■ Problem details ■
Your transcription must include every record word for word and no pictures.
*** Record set ***
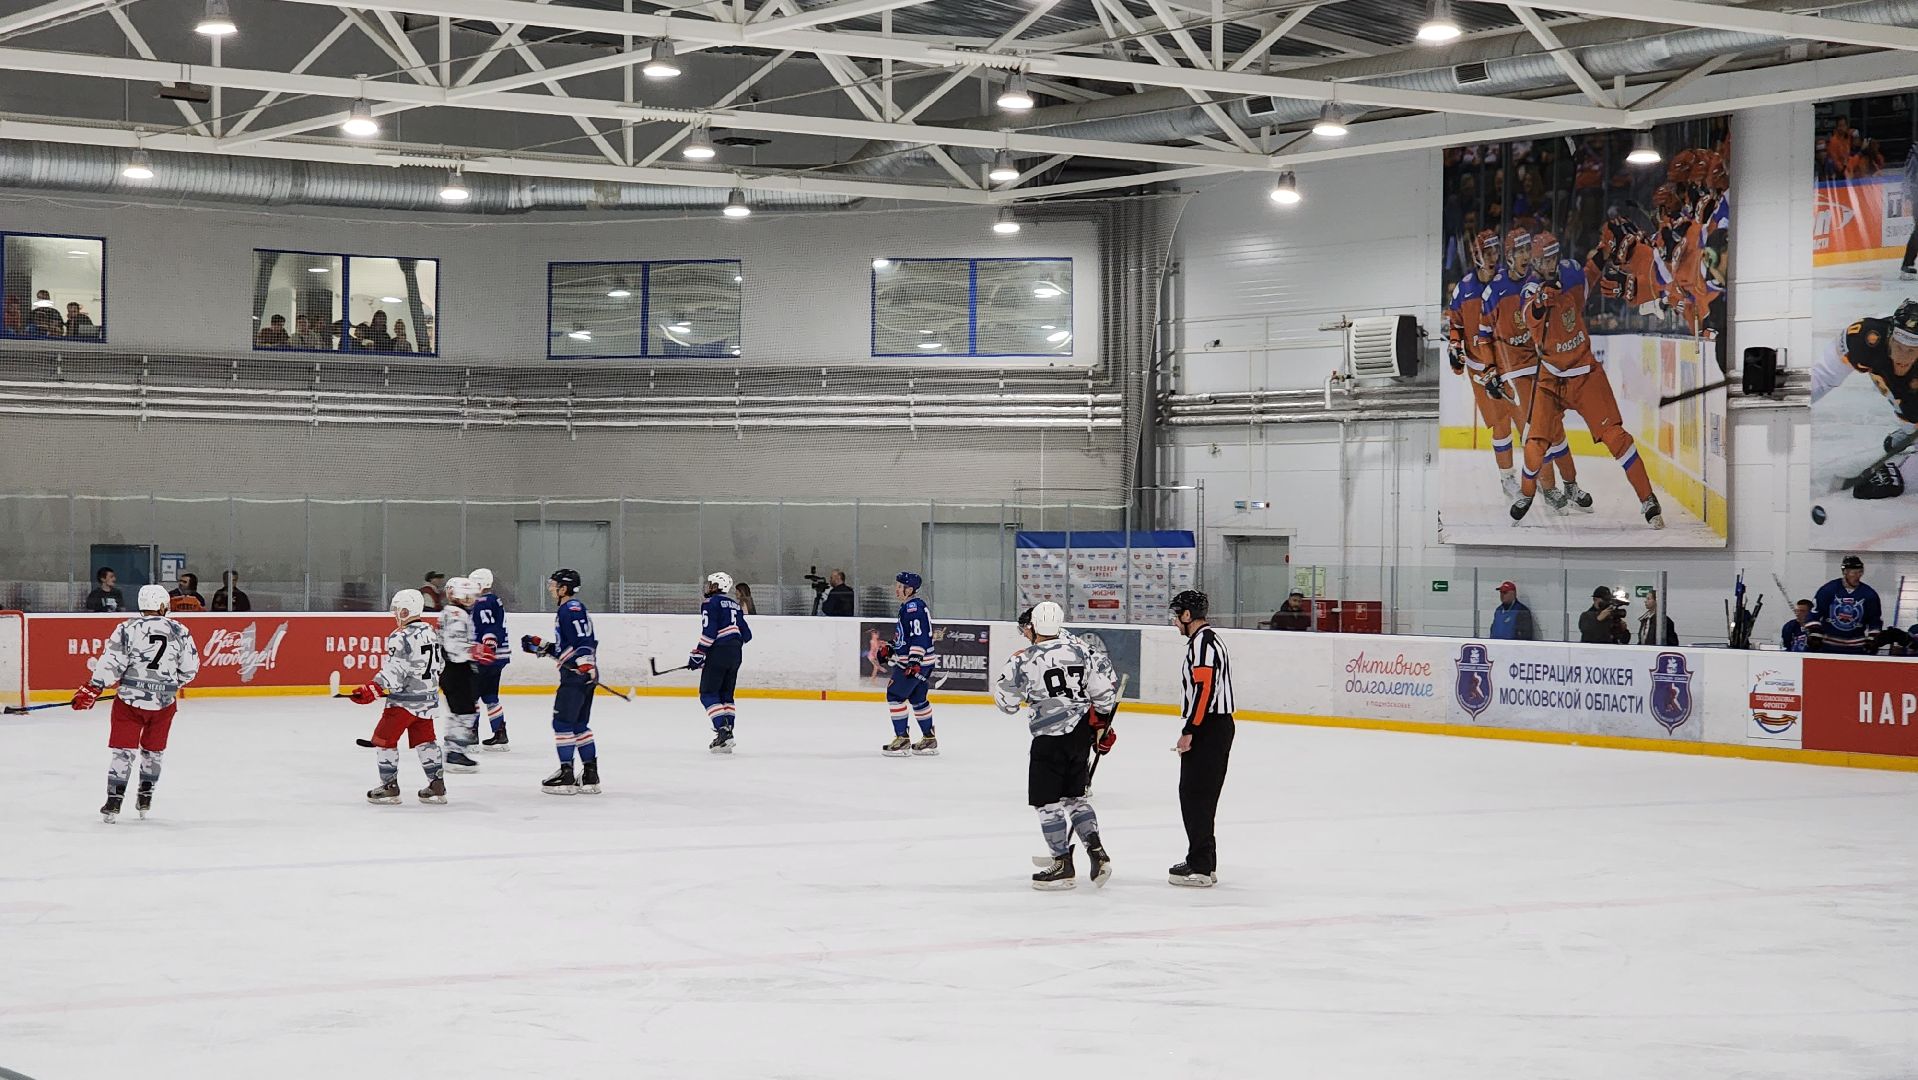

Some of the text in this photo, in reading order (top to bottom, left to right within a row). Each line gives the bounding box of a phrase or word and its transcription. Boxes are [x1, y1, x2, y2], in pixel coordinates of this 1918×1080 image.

[147, 634, 168, 670] 7
[943, 655, 988, 669] КАТАНИЕ
[1345, 651, 1432, 677] Активное
[1509, 663, 1633, 686] ФЕДЕРАЦИЯ ХОККЕЯ
[1500, 687, 1581, 709] МОСКОВСКОЙ
[1585, 693, 1643, 714] ОБЛАСТИ
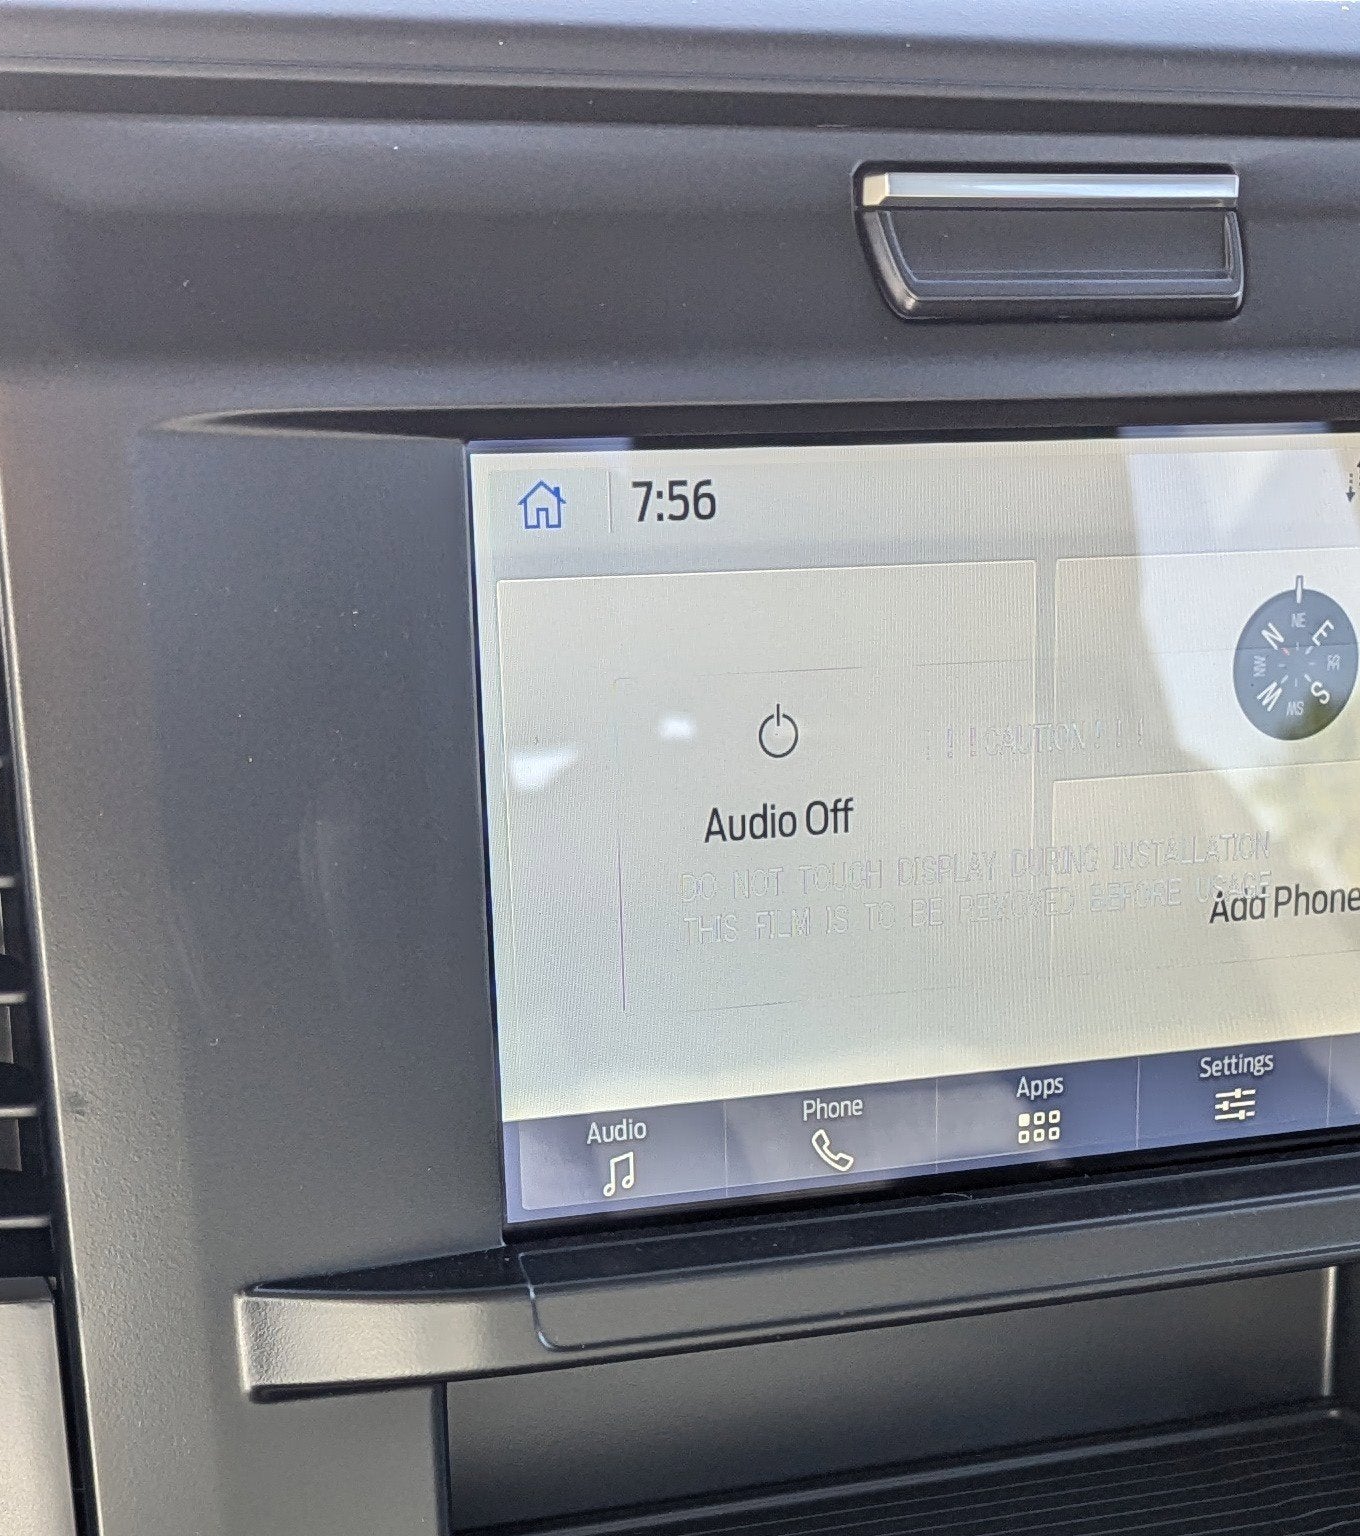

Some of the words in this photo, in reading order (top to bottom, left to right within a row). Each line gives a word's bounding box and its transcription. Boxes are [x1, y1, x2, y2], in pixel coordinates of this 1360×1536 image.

[631, 479, 717, 522] 7:56
[1260, 622, 1285, 650] N
[1312, 619, 1335, 647] E
[1256, 681, 1283, 712] W
[1310, 681, 1331, 705] S
[704, 802, 797, 843] Audio
[805, 798, 854, 836] Off
[1209, 886, 1267, 924] Add
[1199, 1053, 1274, 1078] Settings
[1016, 1075, 1064, 1101] Apps
[802, 1098, 864, 1122] Phone
[586, 1118, 647, 1145] Audio
***
■ Result of this task ■
Some of the text in this photo, in reading order (top to bottom, left to right within a row). Each line gives the bounding box of a phrase or word and its transcription. Boxes are [x1, y1, x2, y2], in pixel coordinates of this 1918×1080 image.

[147, 634, 168, 670] 7
[943, 655, 988, 669] КАТАНИЕ
[1345, 651, 1432, 677] Активное
[1509, 663, 1633, 686] ФЕДЕРАЦИЯ ХОККЕЯ
[1500, 687, 1581, 709] МОСКОВСКОЙ
[1585, 693, 1643, 714] ОБЛАСТИ

Some of the words in this photo, in reading order (top to bottom, left to right within a row). Each line gives a word's bounding box and its transcription. Boxes are [x1, y1, x2, y2], in pixel coordinates of this 1360×1536 image.

[631, 479, 717, 522] 7:56
[1260, 622, 1285, 650] N
[1312, 619, 1335, 647] E
[1256, 681, 1283, 712] W
[1310, 681, 1331, 705] S
[704, 802, 797, 843] Audio
[805, 798, 854, 836] Off
[1209, 886, 1267, 924] Add
[1199, 1053, 1274, 1078] Settings
[1016, 1075, 1064, 1101] Apps
[802, 1098, 864, 1122] Phone
[586, 1118, 647, 1145] Audio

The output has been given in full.